Phenotype A has been found to increase the likelihood of developing metabolic syndrome sixfold relative to phenotype C [22], increasing its prevalence [18]. Given the age of the sample participants, below 25 years, it is difficult to determine the prevalence of metabolic syndrome in our sample, which is usually high in Latin American women with PCOS [13,23]. On the other hand, phenotypes C and D exhibit a milder clinical profile with a lower frequency of signs of hyperandrogenism and significant metabolic alterations as noted in other similar studies [23]. This implies management strategies and follow-up of patients after individualized assessment based on phenotypes.
As reported in a case-control study, lipid profiles are also elevated in patients with PCOS, mainly triglycerides, total cholesterol, low-density lipoprotein (LDL) and cardiovascular risk (TG/HDL).

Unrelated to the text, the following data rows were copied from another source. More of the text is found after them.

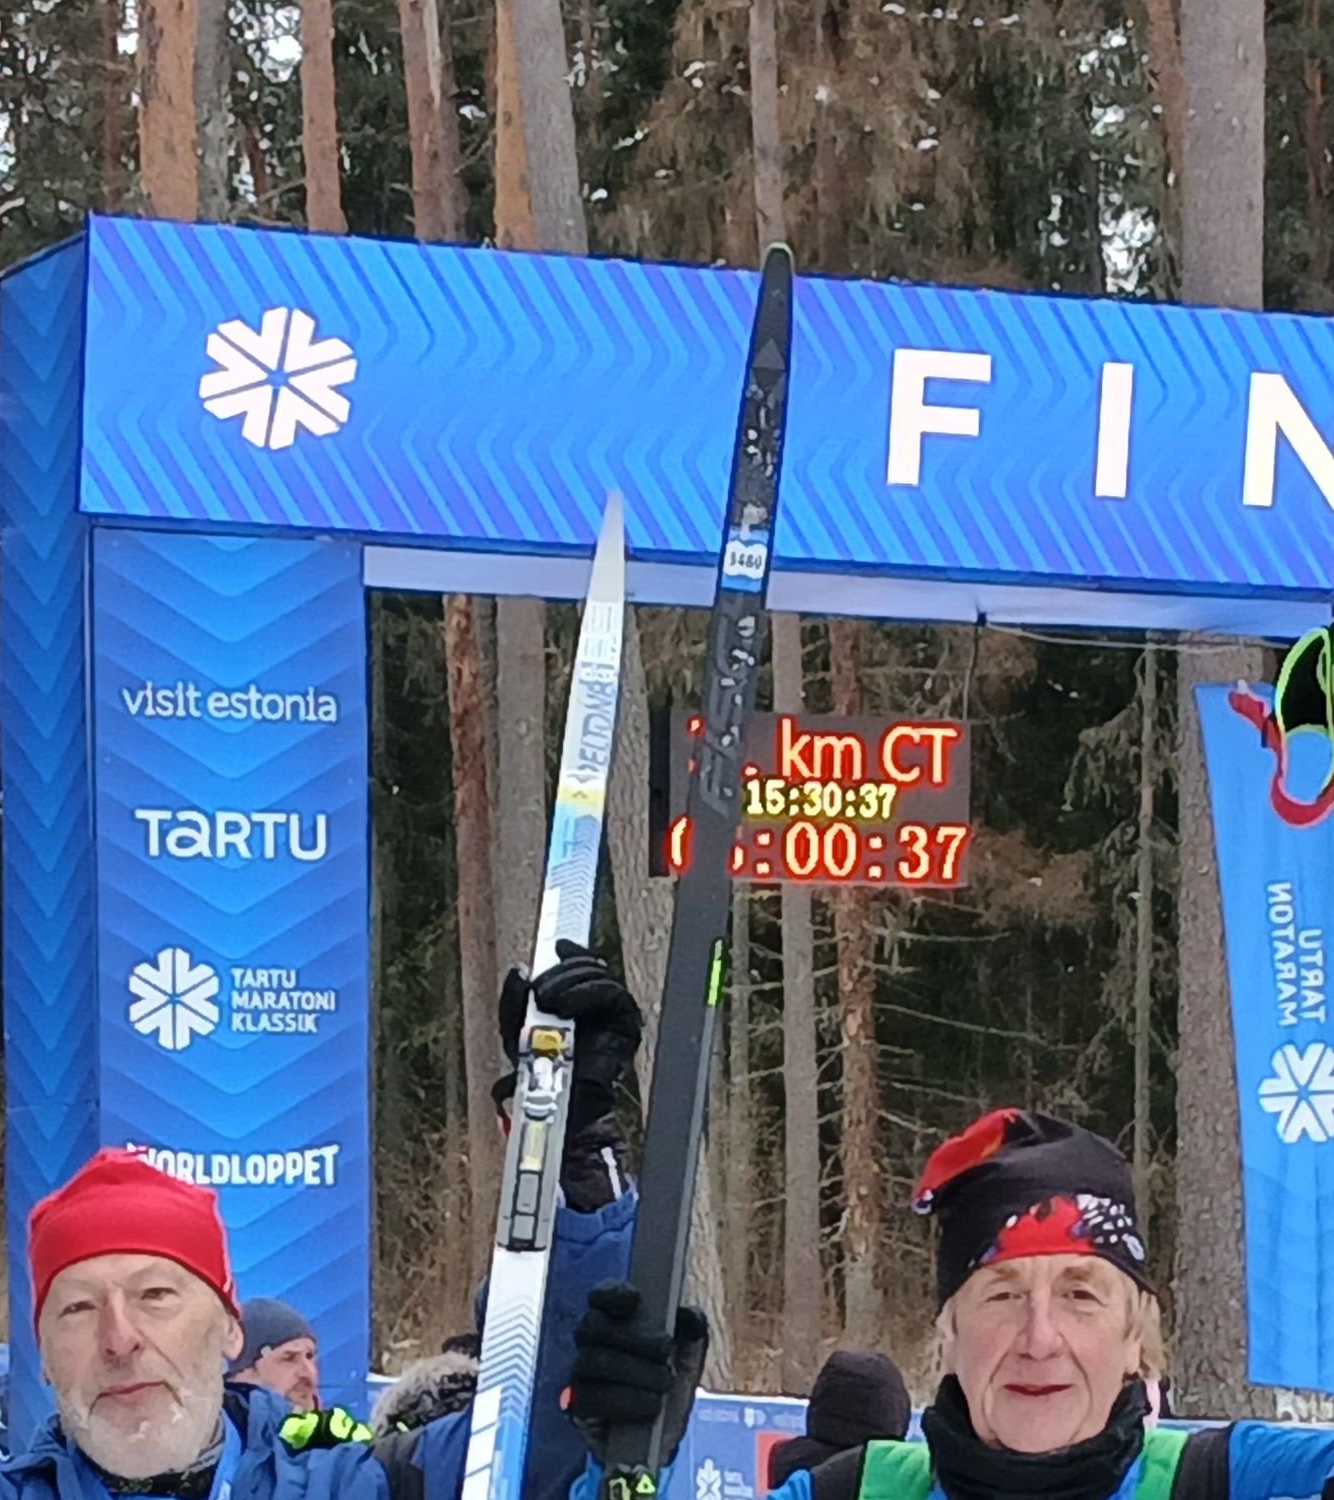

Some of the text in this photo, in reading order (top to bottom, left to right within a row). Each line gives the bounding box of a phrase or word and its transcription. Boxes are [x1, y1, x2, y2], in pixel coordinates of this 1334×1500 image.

[122, 681, 338, 722] visit estonia
[781, 717, 863, 780] km
[882, 725, 958, 783] CT
[746, 780, 898, 819] 15:30:37
[670, 816, 967, 880] :00:37
[231, 967, 296, 989] TARTU
[231, 990, 336, 1012] MARATONI
[231, 1013, 317, 1034] KLASSIK

Women with PCOS type D had lower insulin levels than phenotype A [31]. In our study the triglyceride level was higher in the A phenotype. This is consistent with the results of other studies, in which elevated triglyceride level is more at risk in phenotypes A and B, as well as values such as HOMA, insulin, blood pressure levels are found to be higher in the “classical” A and B phenotypes, but the latter were not significant in our sample.
On the other hand, reproductive markers that are observed to be altered may have consequences for fertility and reproductive management [32]. Although the anti-mullerian hormone (AMH) value did not show significant differences, its tendency to be elevated in classical phenotypes requires attention due to its potential role in the assessment of ovarian reserve and reproductive prognosis [33].
Limitations include the small sample size; however, we consider that the results found allow us to obtain valuable information on the phenotypic characteristics of Ecuadorian Andean women in the absence of previous published studies. We also recognize that it was not possible to carry out a control group, due to economic reasons since each study per patient has a cost of 437 dollars and private or public health insurance does not cover the costs as long as there is no evident pathology. On the other hand, it is admitted that the study is cross-sectional and does not allow the results to be extrapolated to other populations. In addition, this study does not examine the etiological mechanisms, which is a limitation that should be addressed in future research.

5. Conclusions

Classical PCOS phenotypes A and B are the most common in Ecuadorian Andean women, with associated increased risks of insulin resistance and metabolic disorders. Ethnic diversity and socio-cultural habits influence the prevalence and clinical manifestations of the phenotypes. Phenotypes A and B have a higher risk of presenting with anovulation disorders and elevated triglycerides compared to phenotypes C and D. Hormonal (reproductive) variables do not differ in the phenotyping of these patients.

Author Contributions

MEE contributed to the conception, design, data acquisition, writing of the article. RS and CM contributed to the conception, design of the study, critical analysis of the data.TO contributed to the design and review and analysis of statistical data. FL and IC, contributed to the critical analysis of the data, results and writing of the article. EB, contributed to the review, critical analysis of data.SA, contributed to data entry in excel table and collecting information from patients and medical records. All authors gave their final approval of the version to be published.

Funding

The laboratory examinations were 80% covered by the patients’ private insurance and 20% by each participant.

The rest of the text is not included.